*** Extracted data ***

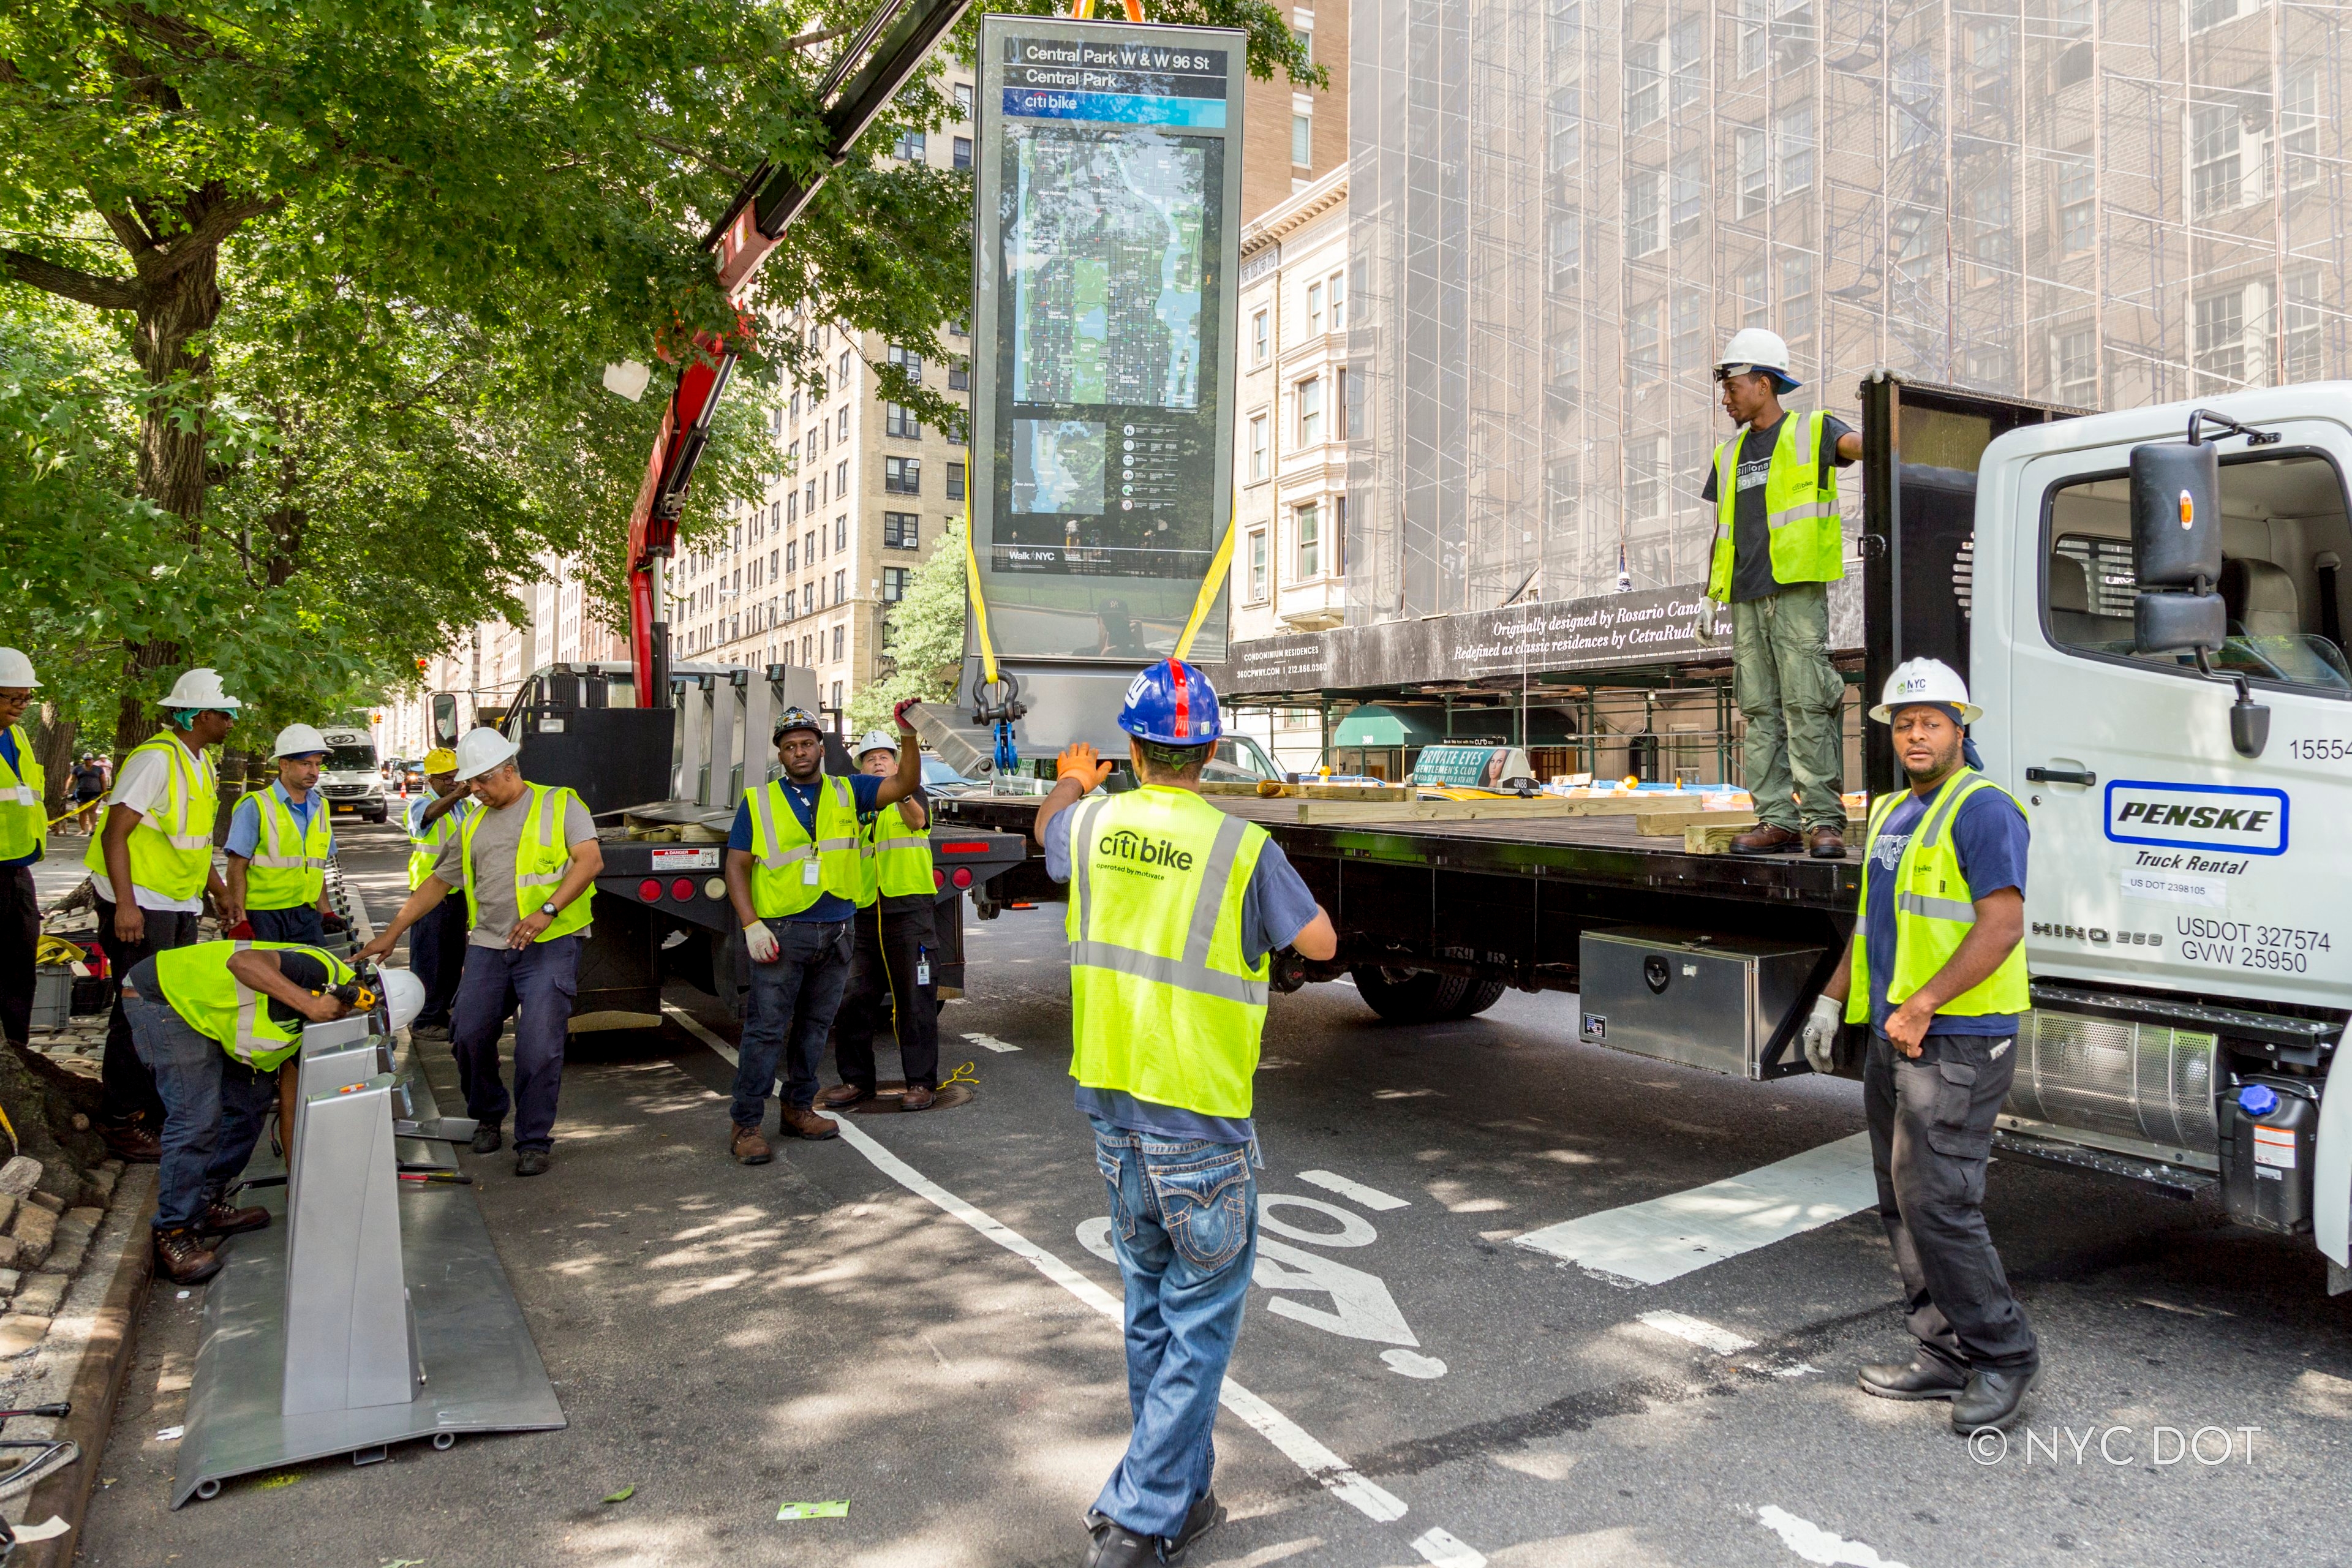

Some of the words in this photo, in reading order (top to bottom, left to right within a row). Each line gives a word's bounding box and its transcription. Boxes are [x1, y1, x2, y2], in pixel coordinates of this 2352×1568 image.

[1027, 46, 1079, 62] Central
[1084, 50, 1118, 64] Park
[1121, 52, 1136, 65] W
[1140, 53, 1150, 66] &
[1154, 54, 1169, 67] W
[1172, 55, 1190, 69] 96
[1194, 56, 1209, 70] St
[1026, 69, 1079, 85] Central
[1084, 72, 1117, 87] Park
[1009, 551, 1030, 560] Walk
[1493, 617, 1547, 638] Originally
[1548, 611, 1597, 632] designed
[1600, 609, 1614, 628] by
[1616, 603, 1664, 624] Rosario
[1244, 649, 1284, 662] CONDOMINIUM
[1285, 646, 1319, 657] RESIDENCES
[1453, 642, 1500, 662] Redefined
[1502, 646, 1513, 655] as
[1515, 638, 1550, 654] classic
[1551, 634, 1608, 651] residences
[1611, 631, 1626, 649] by
[1237, 667, 1280, 679] 360CPWNY.COM
[1288, 663, 1327, 674] 212.866.0360
[1907, 679, 1926, 688] NYC
[1362, 735, 1373, 744] 360
[1419, 750, 1460, 764] PRIVATE
[1458, 752, 1484, 765] EYES
[1415, 764, 1459, 775] GENTLEMEN'S
[1460, 766, 1477, 775] CLUB
[1513, 778, 1527, 788] 4N88
[2117, 801, 2273, 833] PENSKE
[1096, 863, 1126, 873] operated
[1126, 867, 1134, 876] by
[1135, 869, 1164, 881] motivate
[2135, 851, 2184, 869] Truck
[2185, 856, 2249, 875] Rental
[2130, 878, 2143, 888] US
[2146, 881, 2165, 890] DOT
[2168, 883, 2205, 895] 2398105
[2032, 921, 2110, 943] HINO
[2116, 931, 2163, 947] 268
[2177, 916, 2251, 943] USDOT
[2256, 925, 2331, 952] 327574
[2182, 940, 2234, 964] GVW
[2241, 947, 2307, 973] 25950
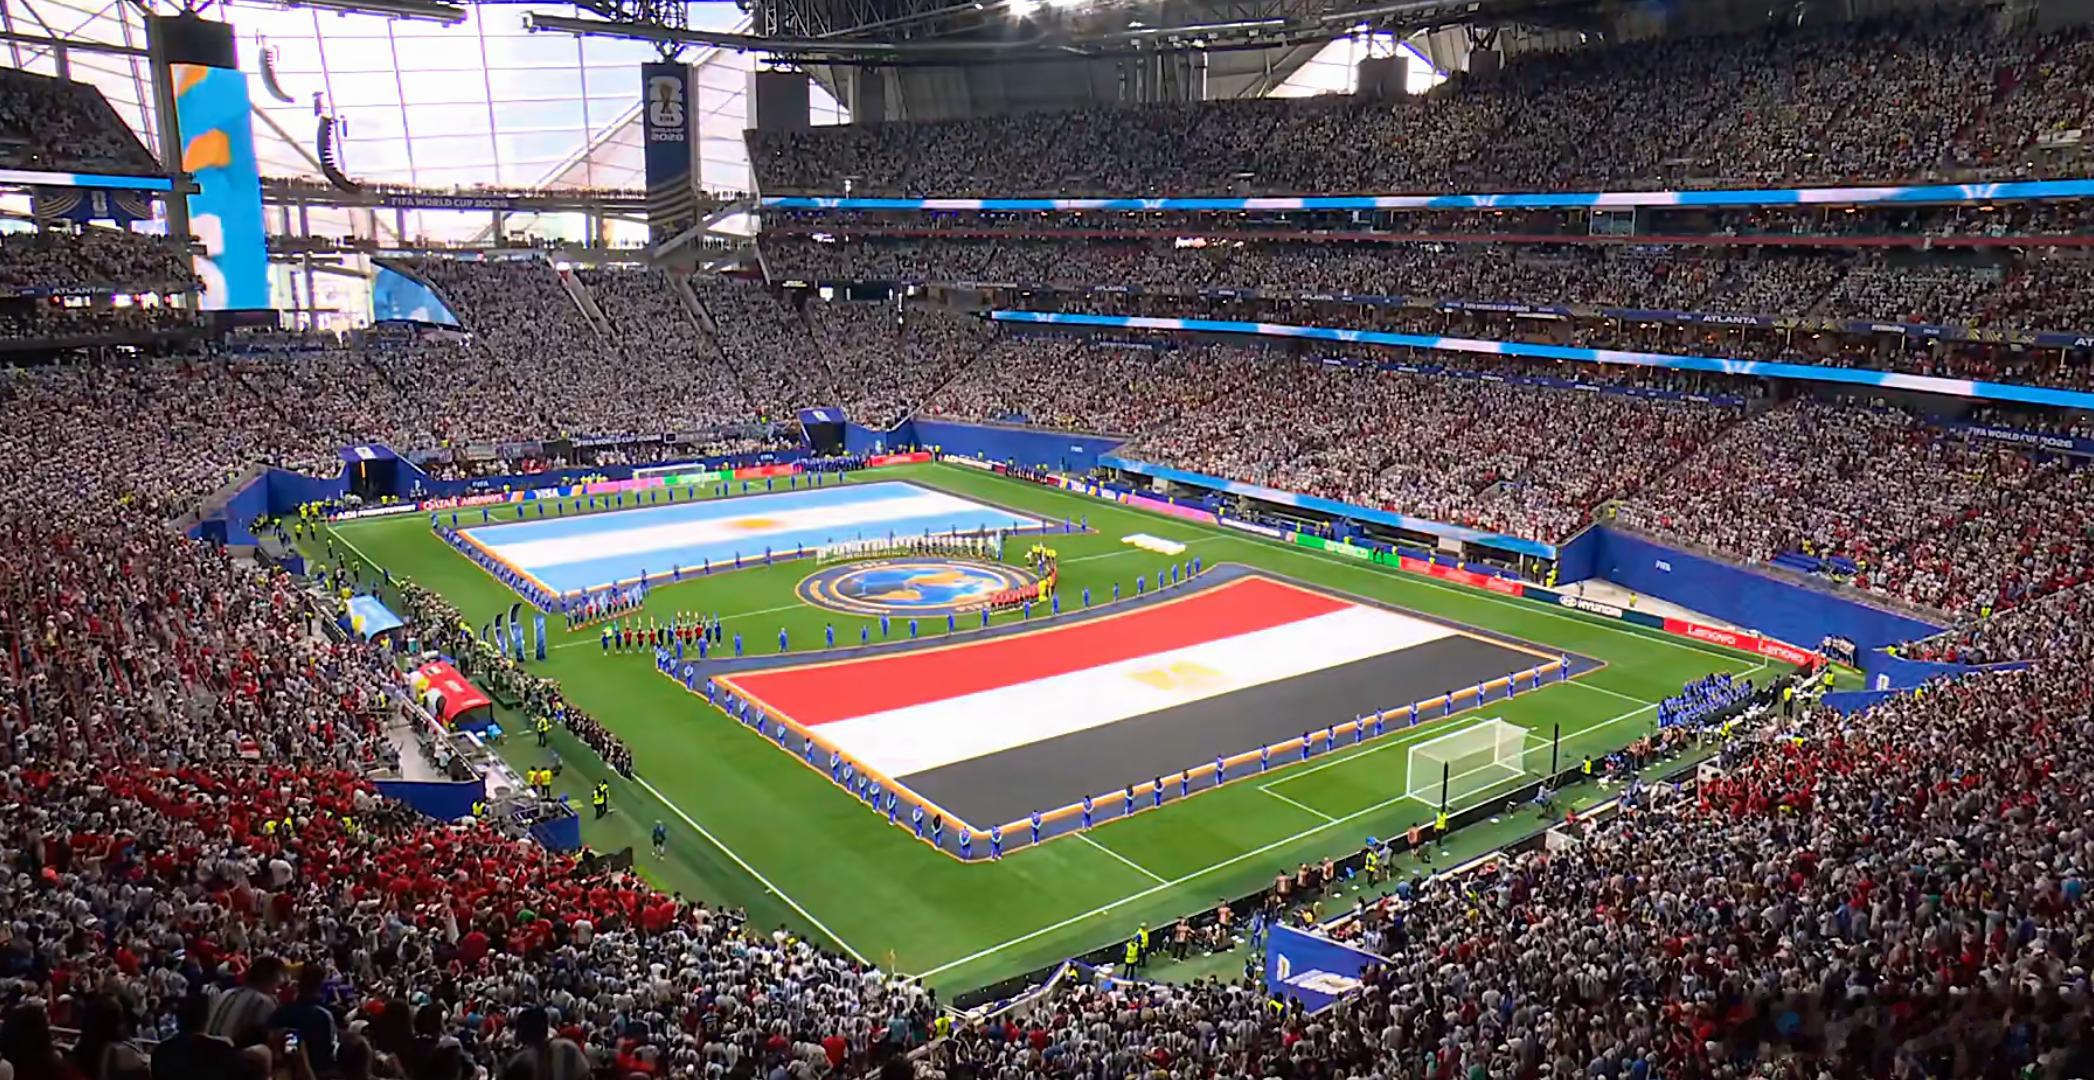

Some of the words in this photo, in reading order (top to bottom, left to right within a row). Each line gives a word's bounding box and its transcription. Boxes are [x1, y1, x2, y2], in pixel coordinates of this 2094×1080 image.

*** End of Extracted data ***

● Problem description: Print all the entries again exactly as written, but without the pictures.

● Your solution:
Some of the words in this photo, in reading order (top to bottom, left to right within a row). Each line gives a word's bounding box and its transcription. Boxes are [x1, y1, x2, y2], in pixel coordinates of this 2352×1568 image.

[1027, 46, 1079, 62] Central
[1084, 50, 1118, 64] Park
[1121, 52, 1136, 65] W
[1140, 53, 1150, 66] &
[1154, 54, 1169, 67] W
[1172, 55, 1190, 69] 96
[1194, 56, 1209, 70] St
[1026, 69, 1079, 85] Central
[1084, 72, 1117, 87] Park
[1009, 551, 1030, 560] Walk
[1493, 617, 1547, 638] Originally
[1548, 611, 1597, 632] designed
[1600, 609, 1614, 628] by
[1616, 603, 1664, 624] Rosario
[1244, 649, 1284, 662] CONDOMINIUM
[1285, 646, 1319, 657] RESIDENCES
[1453, 642, 1500, 662] Redefined
[1502, 646, 1513, 655] as
[1515, 638, 1550, 654] classic
[1551, 634, 1608, 651] residences
[1611, 631, 1626, 649] by
[1237, 667, 1280, 679] 360CPWNY.COM
[1288, 663, 1327, 674] 212.866.0360
[1907, 679, 1926, 688] NYC
[1362, 735, 1373, 744] 360
[1419, 750, 1460, 764] PRIVATE
[1458, 752, 1484, 765] EYES
[1415, 764, 1459, 775] GENTLEMEN'S
[1460, 766, 1477, 775] CLUB
[1513, 778, 1527, 788] 4N88
[2117, 801, 2273, 833] PENSKE
[1096, 863, 1126, 873] operated
[1126, 867, 1134, 876] by
[1135, 869, 1164, 881] motivate
[2135, 851, 2184, 869] Truck
[2185, 856, 2249, 875] Rental
[2130, 878, 2143, 888] US
[2146, 881, 2165, 890] DOT
[2168, 883, 2205, 895] 2398105
[2032, 921, 2110, 943] HINO
[2116, 931, 2163, 947] 268
[2177, 916, 2251, 943] USDOT
[2256, 925, 2331, 952] 327574
[2182, 940, 2234, 964] GVW
[2241, 947, 2307, 973] 25950

Some of the words in this photo, in reading order (top to bottom, left to right within a row). Each line gives a word's bounding box and its transcription. Boxes are [x1, y1, x2, y2], in pixel coordinates of this 2094×1080 image.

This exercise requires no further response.